幕末土佐藩参政の寺村左膳の日記を読む。今回で2回目だ。
時期は慶応3年(1867)4月から5月。
いわゆる四侯会議が行われた時期だ。
はっきりいって、寺村の日記はこのあたりはトロい。本人が病気だったりして、どうも事態を正確に把握していないのではないかと思われる。
『大久保利通日記』『続再夢紀事』『伊達宗城在京日記』など、残りの三侯関係の史料が充実している。
四侯は徳川慶喜と対決するつもりだったはずだが、二条城で会見したのち、一緒に写真を撮ったりと、ちと緊張感に欠ける感じ。
この四侯を撮影した写真を資料としてレジュメに載せようとしたが、手持ち資料では探せなかった。
あとで受講生の方から越前藩が所蔵していると教えてもらった。立場が逆だな(笑)。この写真を使用できたら、もう少し受講生の皆さんの関心も増したかもしれない。残念。
あと、日記中に出てきた「三条若君様」の比定を間違えたかもしれない。
三条実美がまだ太宰府にいるから、正親町三条実愛の子どもではないかと想定してしまった。早合点だったかも。正親町三条なら、正親町をちゃんと付けるか、「正三」などの略字を使う場合が多い。
それに、「三条若君様」と山内容堂の娘と思われる「光姫」の縁組が予定されているわけだが、容堂の正室は三条実万(さねつむ、実美父)の養女(烏丸光政長女)だったのを忘れていた。この姻戚関係から、山内家と三条家との再縁が実現しそうだったとみたほうがずっと自然だ。
もっとも、「三条若君様」が三条実美の転法輪家だとすれば、誰が該当するのかも難しい。「光姫」が当年10歳だから、年齢的にそれに釣り合う若君でなければならない。
おそらく該当するのは一人だけだろうか。
実美の実弟ですでに亡くなっている公睦(権中納言)の二男に公恭がおり、実父が没したためか、当時子どもがなかった実美の養子になっていた。
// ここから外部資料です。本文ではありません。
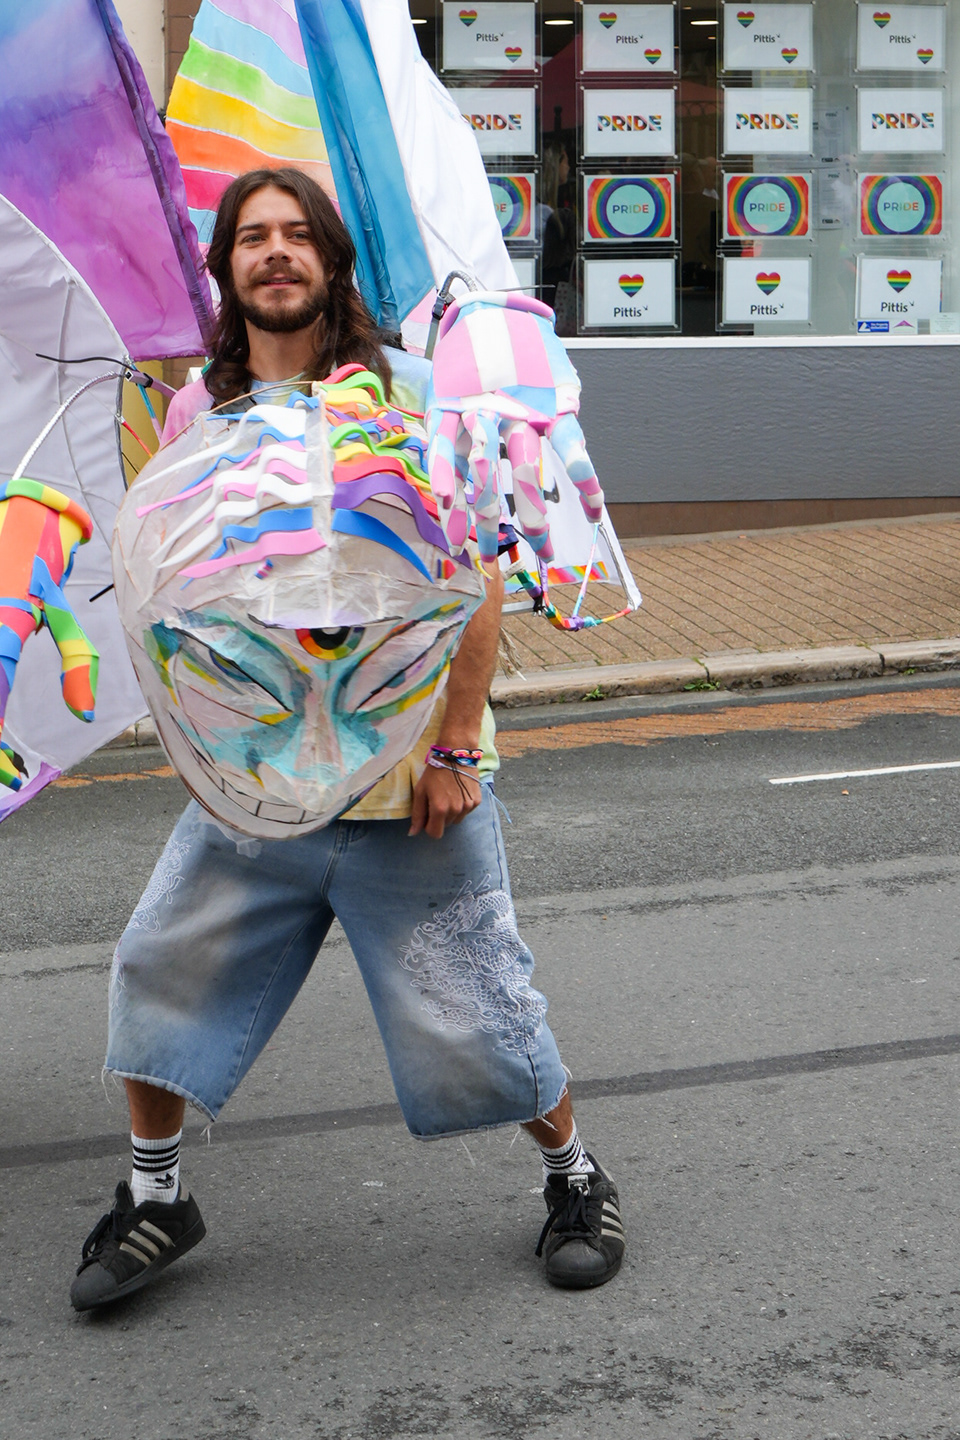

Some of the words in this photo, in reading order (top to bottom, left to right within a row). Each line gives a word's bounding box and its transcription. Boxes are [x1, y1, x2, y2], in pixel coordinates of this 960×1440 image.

公恭は嘉永6年(1853)生まれだから、当年15歳。「光姫」とぴったり釣り合うと思う。
もっとも、この縁組は実現しなかったと思われる。講義でもやったように、「光姫」は北白川宮能久親王(いわゆる輪王寺宮)に嫁いでいるからだ。
破談の理由は推測するに、おそらく実美に実子公美が誕生したせいではないだろうか。
う〜ん。どうも次回訂正だな(爆)。
講義日の当日に泥縄的にレジュメや注をまとめたので、詰めが甘かったようだ。これからはせめて前日から取りかかったほうがいいかも。